Work required => I'd like the entries repeated exactly, without their pictures.
:: Data provided ::
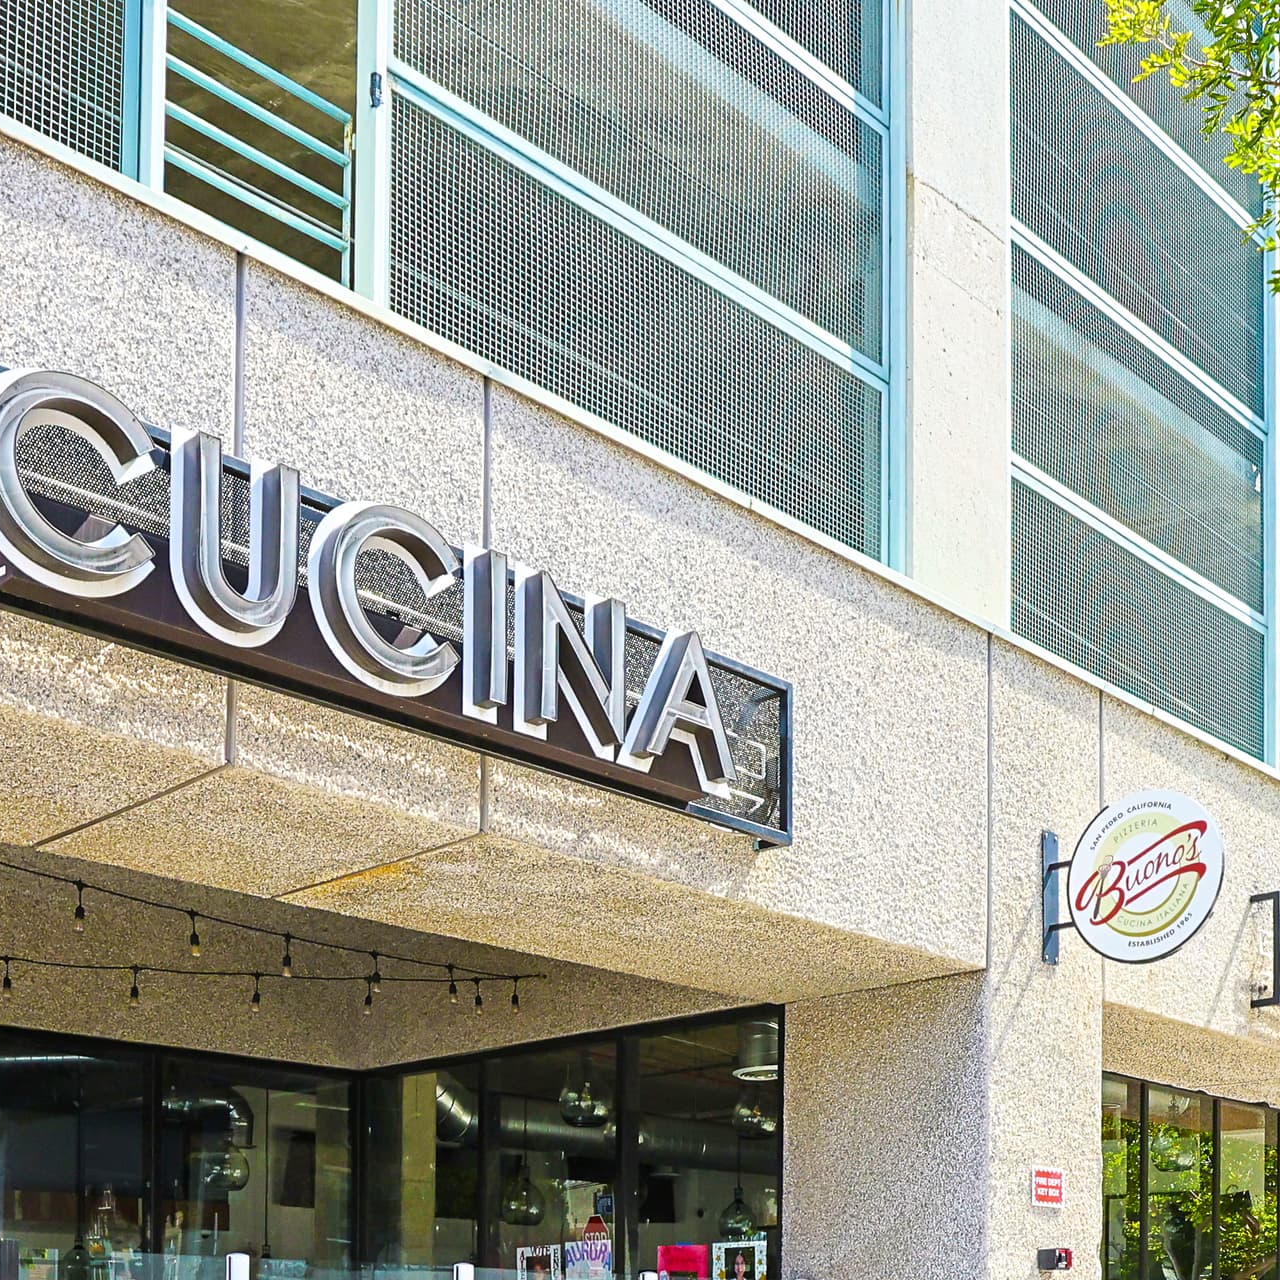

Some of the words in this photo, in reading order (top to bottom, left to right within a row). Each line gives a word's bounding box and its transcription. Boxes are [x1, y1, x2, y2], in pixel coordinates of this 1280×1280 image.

[1089, 834, 1101, 851] SAN
[1102, 812, 1124, 835] PEDRO
[1126, 801, 1173, 814] CALIFORNIA
[1113, 819, 1159, 843] PIZZERIA
[1075, 822, 1207, 926] Buono's
[1117, 914, 1154, 928] CUCINA
[1156, 882, 1189, 922] ITALIANA
[1128, 928, 1176, 948] ESTABLISHED
[1176, 911, 1194, 929] 1965
[565, 1241, 611, 1272] AURORA
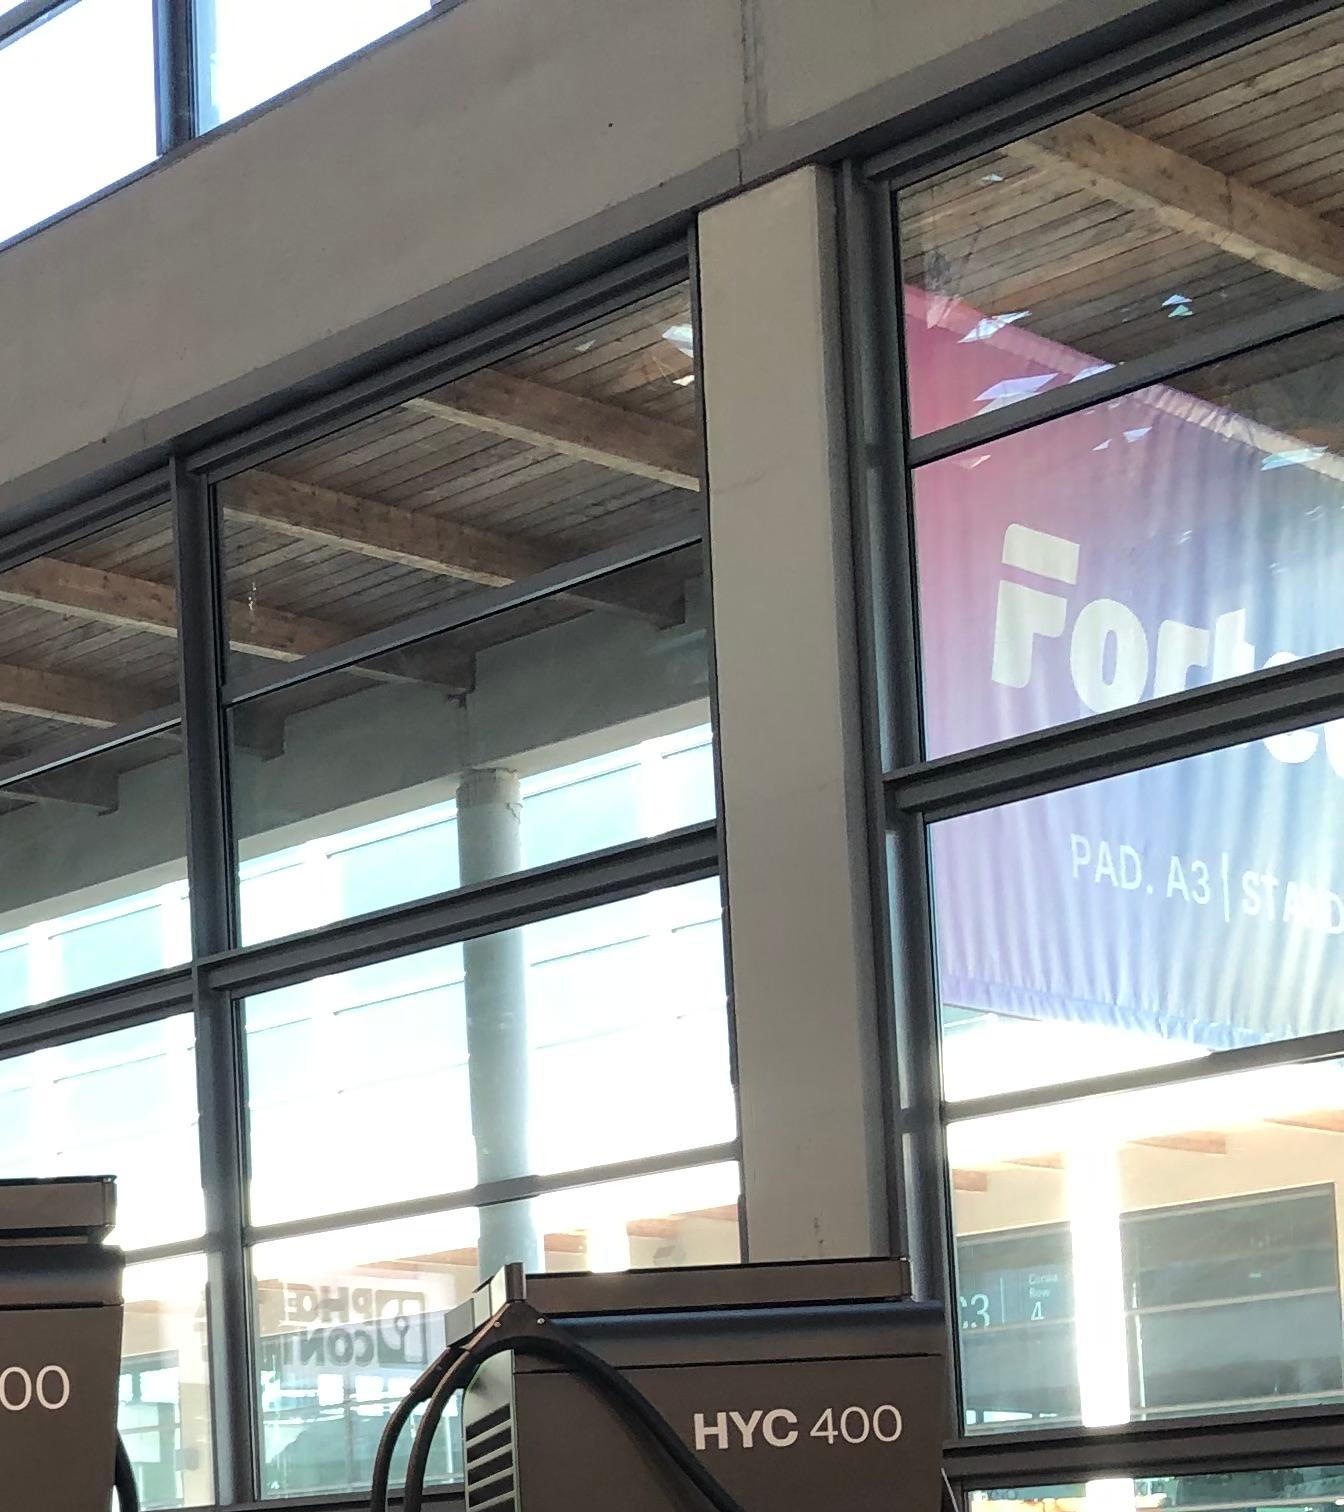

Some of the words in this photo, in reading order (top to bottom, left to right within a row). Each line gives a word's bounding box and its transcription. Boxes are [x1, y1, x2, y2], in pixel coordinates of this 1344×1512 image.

[1070, 833, 1154, 894] PAD.
[1165, 855, 1211, 905] A3
[692, 1407, 799, 1451] HYC
[809, 1403, 904, 1446] 400
:::
Written answer =>
Some of the words in this photo, in reading order (top to bottom, left to right within a row). Each line gives a word's bounding box and its transcription. Boxes are [x1, y1, x2, y2], in pixel coordinates of this 1280×1280 image.

[1089, 834, 1101, 851] SAN
[1102, 812, 1124, 835] PEDRO
[1126, 801, 1173, 814] CALIFORNIA
[1113, 819, 1159, 843] PIZZERIA
[1075, 822, 1207, 926] Buono's
[1117, 914, 1154, 928] CUCINA
[1156, 882, 1189, 922] ITALIANA
[1128, 928, 1176, 948] ESTABLISHED
[1176, 911, 1194, 929] 1965
[565, 1241, 611, 1272] AURORA

Some of the words in this photo, in reading order (top to bottom, left to right within a row). Each line gives a word's bounding box and its transcription. Boxes are [x1, y1, x2, y2], in pixel coordinates of this 1344×1512 image.

[1070, 833, 1154, 894] PAD.
[1165, 855, 1211, 905] A3
[692, 1407, 799, 1451] HYC
[809, 1403, 904, 1446] 400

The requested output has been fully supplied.